-- AVAILABLE DATA follows --

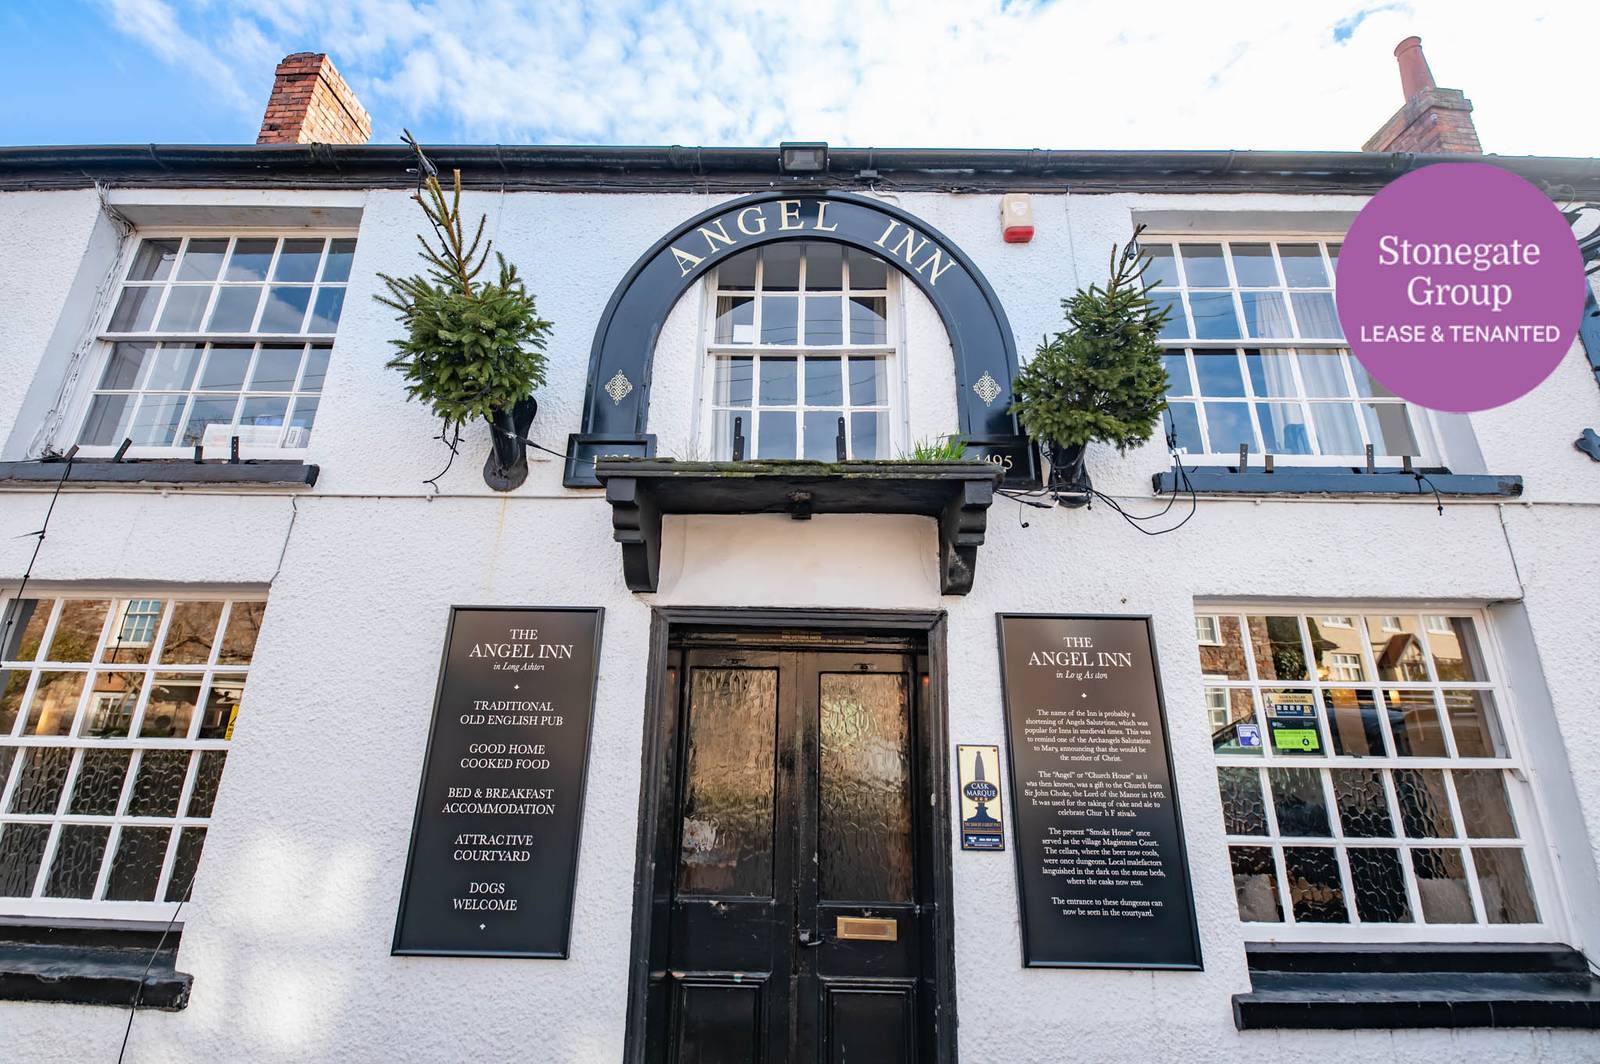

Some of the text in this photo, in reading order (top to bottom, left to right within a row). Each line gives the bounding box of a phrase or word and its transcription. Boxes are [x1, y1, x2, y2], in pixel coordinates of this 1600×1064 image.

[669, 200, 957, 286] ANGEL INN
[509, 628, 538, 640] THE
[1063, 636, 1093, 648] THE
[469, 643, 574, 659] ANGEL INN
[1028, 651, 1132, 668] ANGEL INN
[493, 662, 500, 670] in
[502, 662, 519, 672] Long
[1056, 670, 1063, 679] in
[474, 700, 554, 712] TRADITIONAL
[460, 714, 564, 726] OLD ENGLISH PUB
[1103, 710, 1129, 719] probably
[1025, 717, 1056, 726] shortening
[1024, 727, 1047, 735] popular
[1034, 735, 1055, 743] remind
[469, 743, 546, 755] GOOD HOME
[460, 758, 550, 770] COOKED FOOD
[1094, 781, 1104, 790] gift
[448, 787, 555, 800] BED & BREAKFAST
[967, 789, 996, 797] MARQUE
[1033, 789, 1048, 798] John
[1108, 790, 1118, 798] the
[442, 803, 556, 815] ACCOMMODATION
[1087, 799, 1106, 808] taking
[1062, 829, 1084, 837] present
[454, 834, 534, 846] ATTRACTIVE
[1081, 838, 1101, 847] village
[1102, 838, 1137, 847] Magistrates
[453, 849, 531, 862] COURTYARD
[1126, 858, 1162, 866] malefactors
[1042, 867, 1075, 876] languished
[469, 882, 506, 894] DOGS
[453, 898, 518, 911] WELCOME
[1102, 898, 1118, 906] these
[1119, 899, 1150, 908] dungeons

-- AVAILABLE DATA concluded --

- _TASK INSTRUCTIONS_:
With the pictures set aside, please write out all of the records above exactly.

- _WRITTEN REPLY_:
Some of the text in this photo, in reading order (top to bottom, left to right within a row). Each line gives the bounding box of a phrase or word and its transcription. Boxes are [x1, y1, x2, y2], in pixel coordinates of this 1600×1064 image.

[669, 200, 957, 286] ANGEL INN
[509, 628, 538, 640] THE
[1063, 636, 1093, 648] THE
[469, 643, 574, 659] ANGEL INN
[1028, 651, 1132, 668] ANGEL INN
[493, 662, 500, 670] in
[502, 662, 519, 672] Long
[1056, 670, 1063, 679] in
[474, 700, 554, 712] TRADITIONAL
[460, 714, 564, 726] OLD ENGLISH PUB
[1103, 710, 1129, 719] probably
[1025, 717, 1056, 726] shortening
[1024, 727, 1047, 735] popular
[1034, 735, 1055, 743] remind
[469, 743, 546, 755] GOOD HOME
[460, 758, 550, 770] COOKED FOOD
[1094, 781, 1104, 790] gift
[448, 787, 555, 800] BED & BREAKFAST
[967, 789, 996, 797] MARQUE
[1033, 789, 1048, 798] John
[1108, 790, 1118, 798] the
[442, 803, 556, 815] ACCOMMODATION
[1087, 799, 1106, 808] taking
[1062, 829, 1084, 837] present
[454, 834, 534, 846] ATTRACTIVE
[1081, 838, 1101, 847] village
[1102, 838, 1137, 847] Magistrates
[453, 849, 531, 862] COURTYARD
[1126, 858, 1162, 866] malefactors
[1042, 867, 1075, 876] languished
[469, 882, 506, 894] DOGS
[453, 898, 518, 911] WELCOME
[1102, 898, 1118, 906] these
[1119, 899, 1150, 908] dungeons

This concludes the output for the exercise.